输入在一行中给出三个数，依次为：M（你自己的能力值）、X 和 Y。三个数字均为不超过 1000 的正整数。

输出格式：

在一行中首先输出甲的能力值，随后依次输出甲、乙、丙三人与你的关系：如果其比你强，输出 Cong；平等则输出 Ping；比你弱则输出 Gai。其间以 1 个空格分隔，行首尾不得有多余空格。

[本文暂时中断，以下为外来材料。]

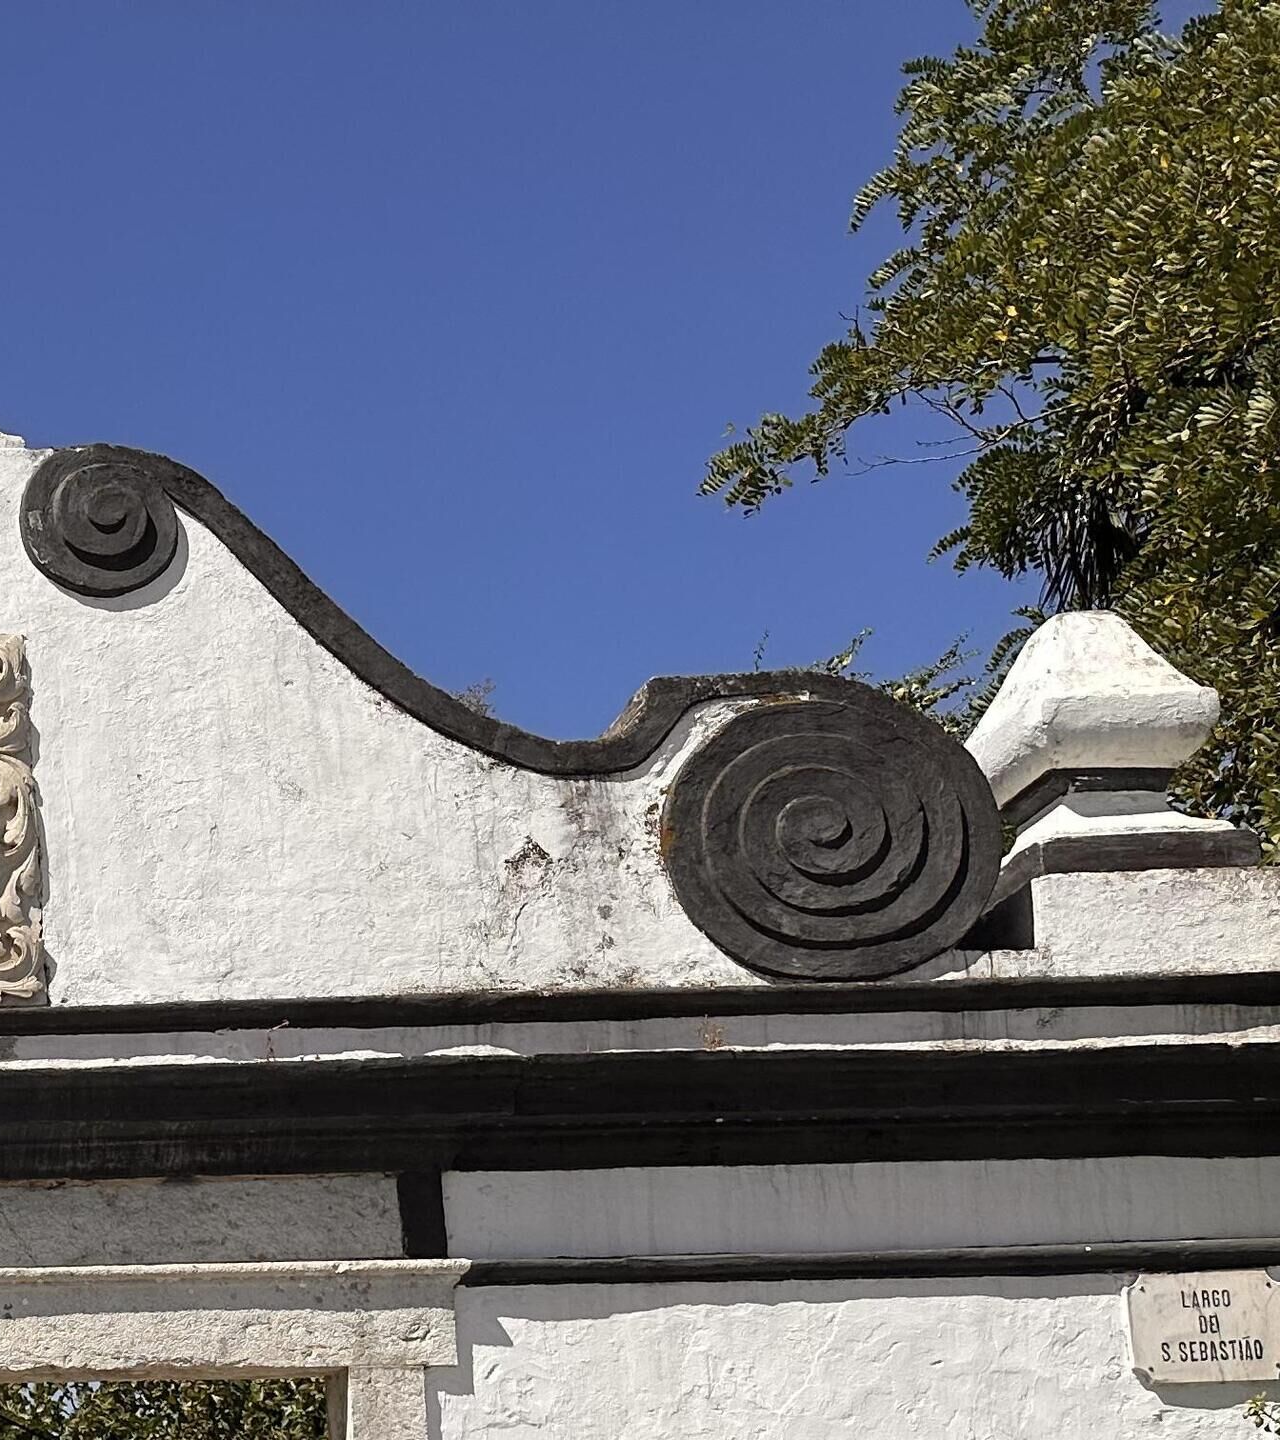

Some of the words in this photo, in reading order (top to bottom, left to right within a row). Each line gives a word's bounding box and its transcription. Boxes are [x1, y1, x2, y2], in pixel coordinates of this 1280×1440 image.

[1180, 1289, 1231, 1309] LARGO
[1161, 1342, 1176, 1363] S.
[1178, 1336, 1264, 1362] SEBASTIÃO
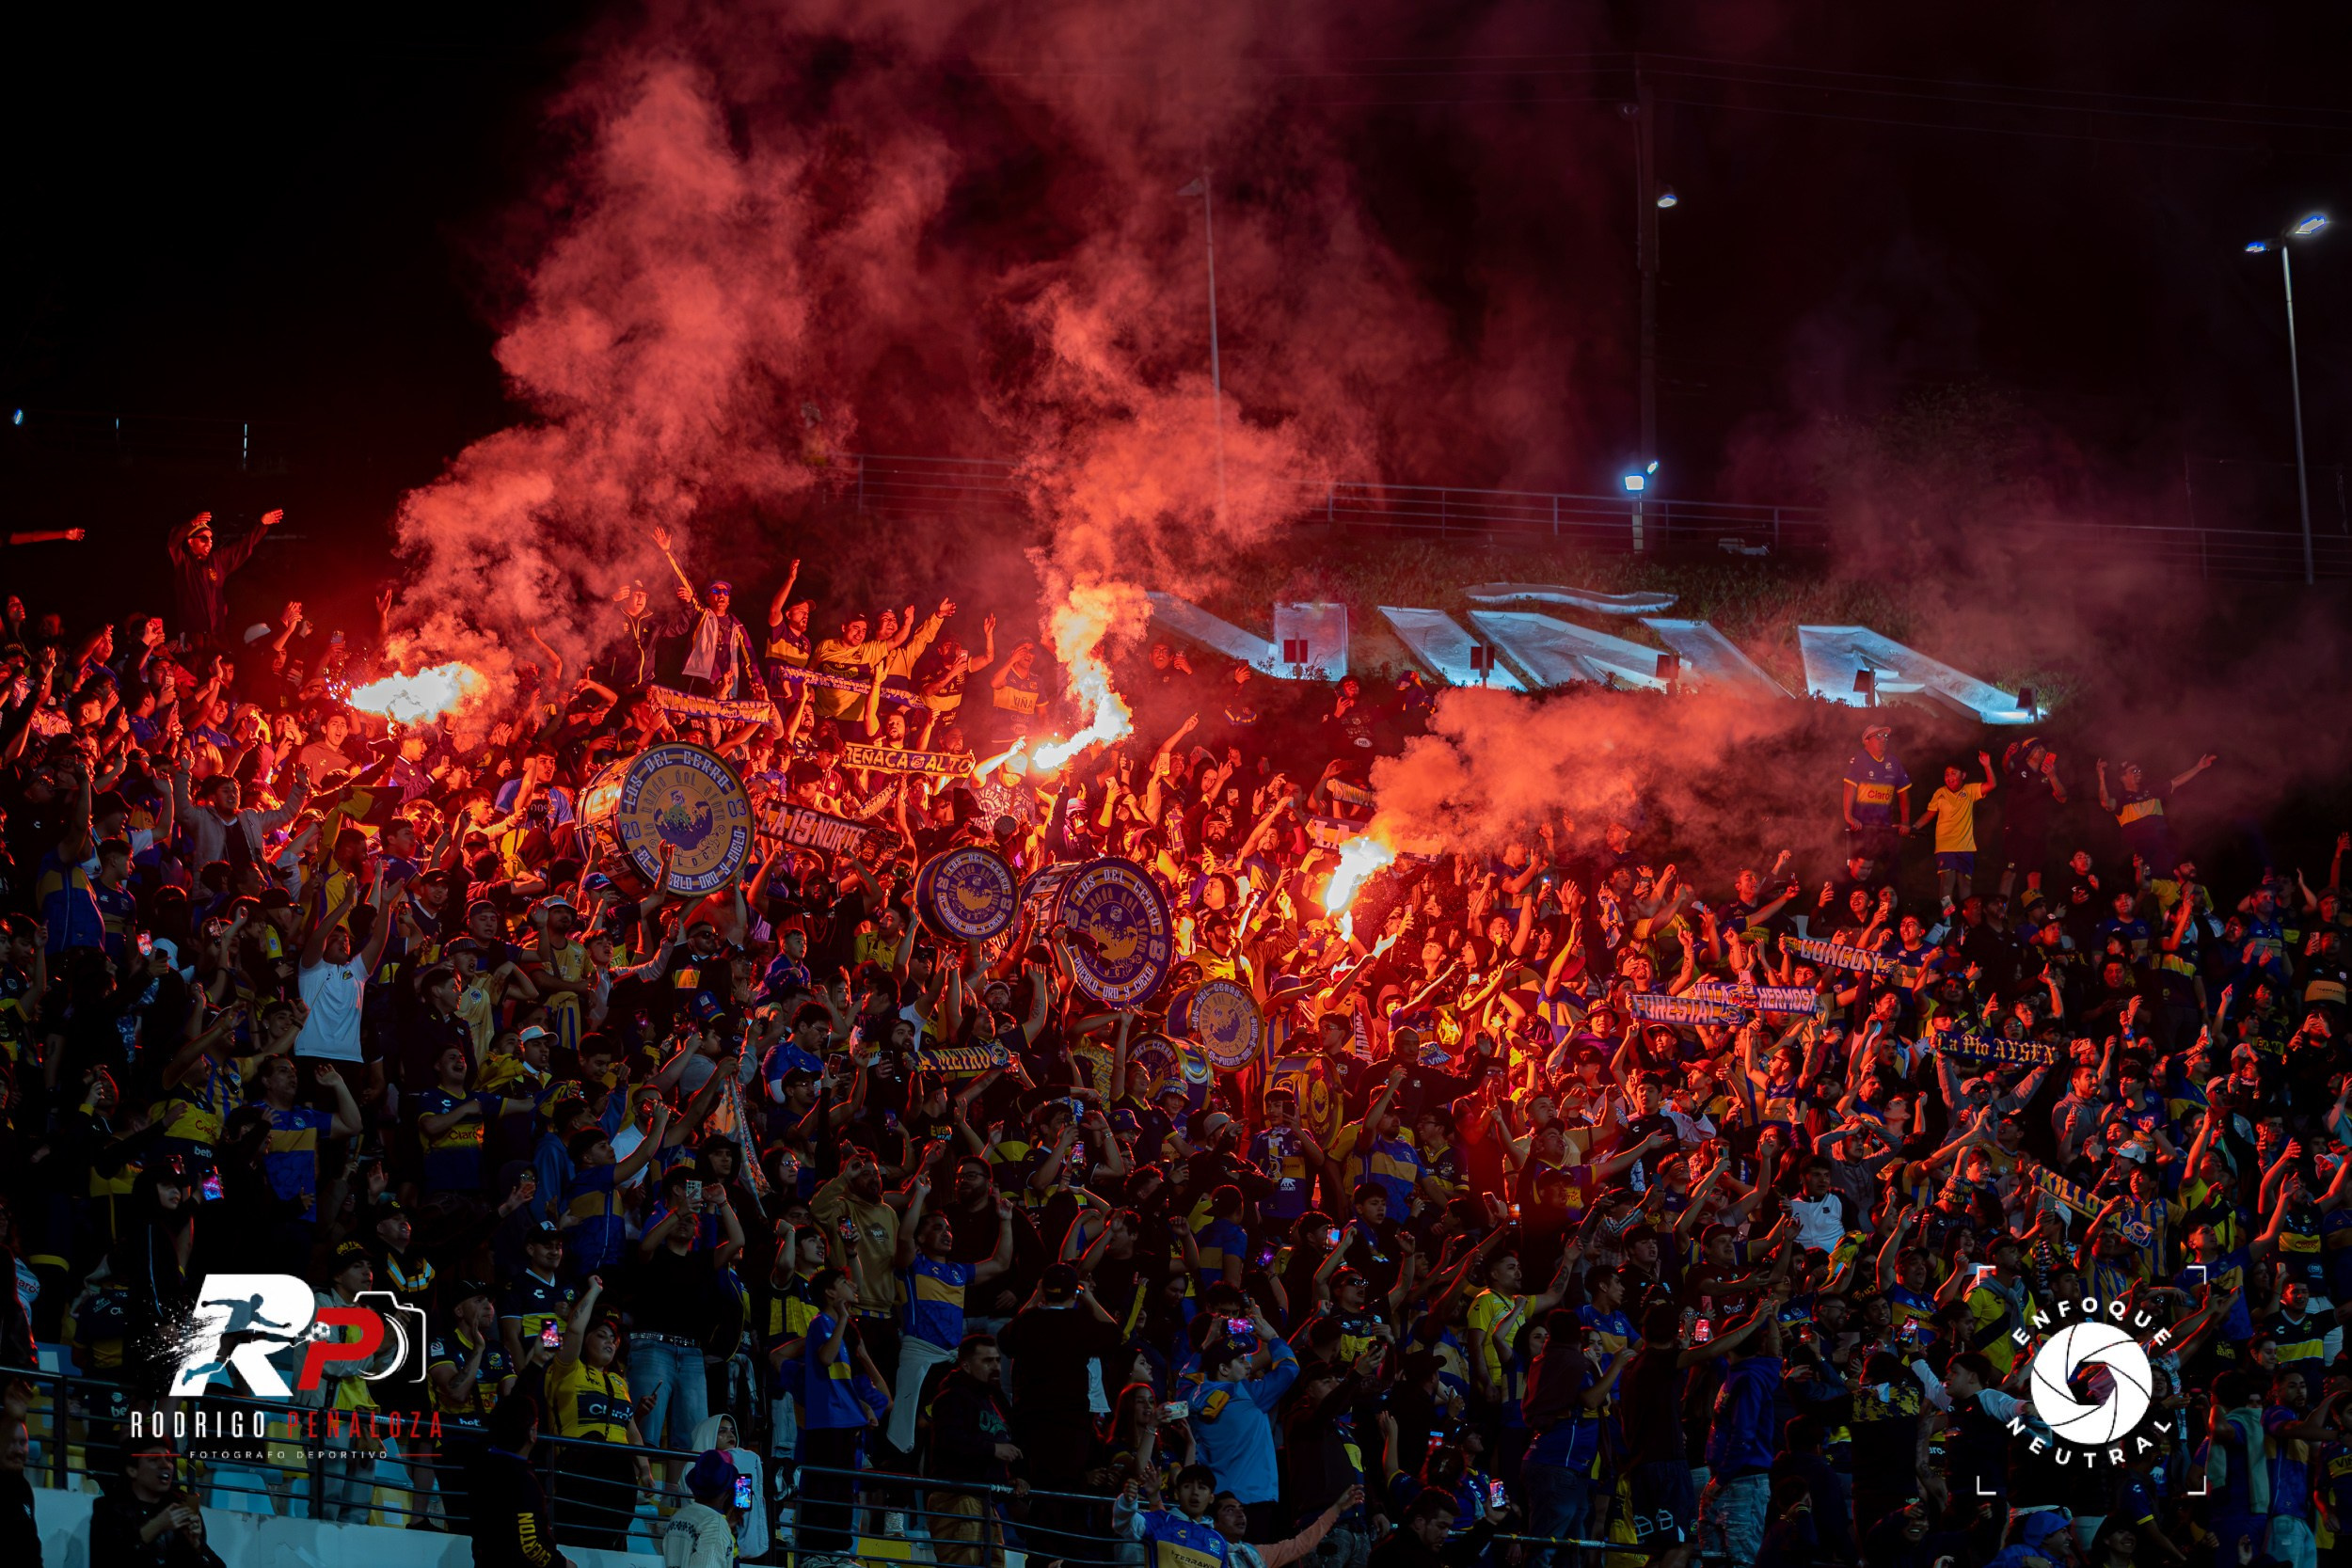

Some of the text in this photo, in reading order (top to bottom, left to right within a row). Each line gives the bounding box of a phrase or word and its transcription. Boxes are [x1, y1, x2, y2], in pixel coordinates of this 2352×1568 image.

[1013, 696, 1034, 710] VIÑA
[844, 746, 974, 773] REÑACA ALTO
[624, 751, 729, 807] LOS DEL CERRO
[726, 799, 747, 817] 03
[622, 821, 641, 840] 20
[760, 802, 787, 836] LA
[786, 808, 818, 845] 19
[811, 816, 867, 854] NORTE
[637, 830, 746, 890] EL PEBLO ORO Y CIELO
[946, 853, 1010, 890] LOS DEL CERRO
[936, 876, 1012, 911] 20 03
[1074, 868, 1161, 927] LOS DEL CERRO
[944, 907, 962, 928] PUEBLO
[965, 925, 977, 934] ORO
[988, 913, 1004, 928] CIELO
[1063, 907, 1080, 929] 20
[1148, 940, 1166, 961] 03
[1073, 958, 1099, 992] PUEBLO
[1103, 985, 1120, 1000] ORO
[1123, 985, 1131, 1000] Y
[1133, 965, 1154, 992] CIELO
[1197, 990, 1211, 1005] DEL
[1214, 983, 1239, 998] CERRO
[1694, 983, 1818, 1012] VILLA HERMOSA
[1633, 995, 1720, 1024] FORESTAL
[931, 1045, 992, 1070] METRO
[1152, 1040, 1173, 1058] CERRO
[1218, 1056, 1241, 1067] PUEBLO
[2040, 1169, 2124, 1230] KILLOA
[517, 1513, 551, 1567] EVERTON

注意：如果解不唯一，则以甲的最大解为准进行判断；如果解不存在，则输出 No Solution。

输入样例 1：

48 3 7

输出样例 1：

48 Ping Cong Gai

输入样例 2：

48 11 6

输出样例 2：

No Solution

编程语言：Python

解题思想：

1.在10-100中枚举甲的能力值

2.简单的数学变换和判断

时间复杂度：O(N)

代码如下：

M, X, Y = map(int, input().split())
P1, P2, P3 = 0, 0, 0  # 存放甲、乙、丙的能力值
Result = []  # 存放甲的最大解时的甲、乙、丙的能力值
 
for i in range(10, 100):
    P1 = i
    P2 = (P1 % 10) * 10 + (P1 // 10)  # 将甲的能力值转置，得到乙的能力值
    if abs(P1 - P2) / X == P2 / Y:  # 存在符合条件的丙的能力值
        P3 = abs(P1 - P2) / X
        Result = [P1, P2, P3]  # 覆盖
 
if len(Result) != 0:  # 有解
    print(Result[0], end=' ')
    for i in range(3):
        if M < Result[i]:
            Result[i] = "Cong"
        elif M == Result[i]:
            Result[i] = "Ping"
        elif M > Result[i]:
            Result[i] = 'Gai'
    print(Result[0], Result[1], Result[2])
else:  # 无解
    print("No Solution")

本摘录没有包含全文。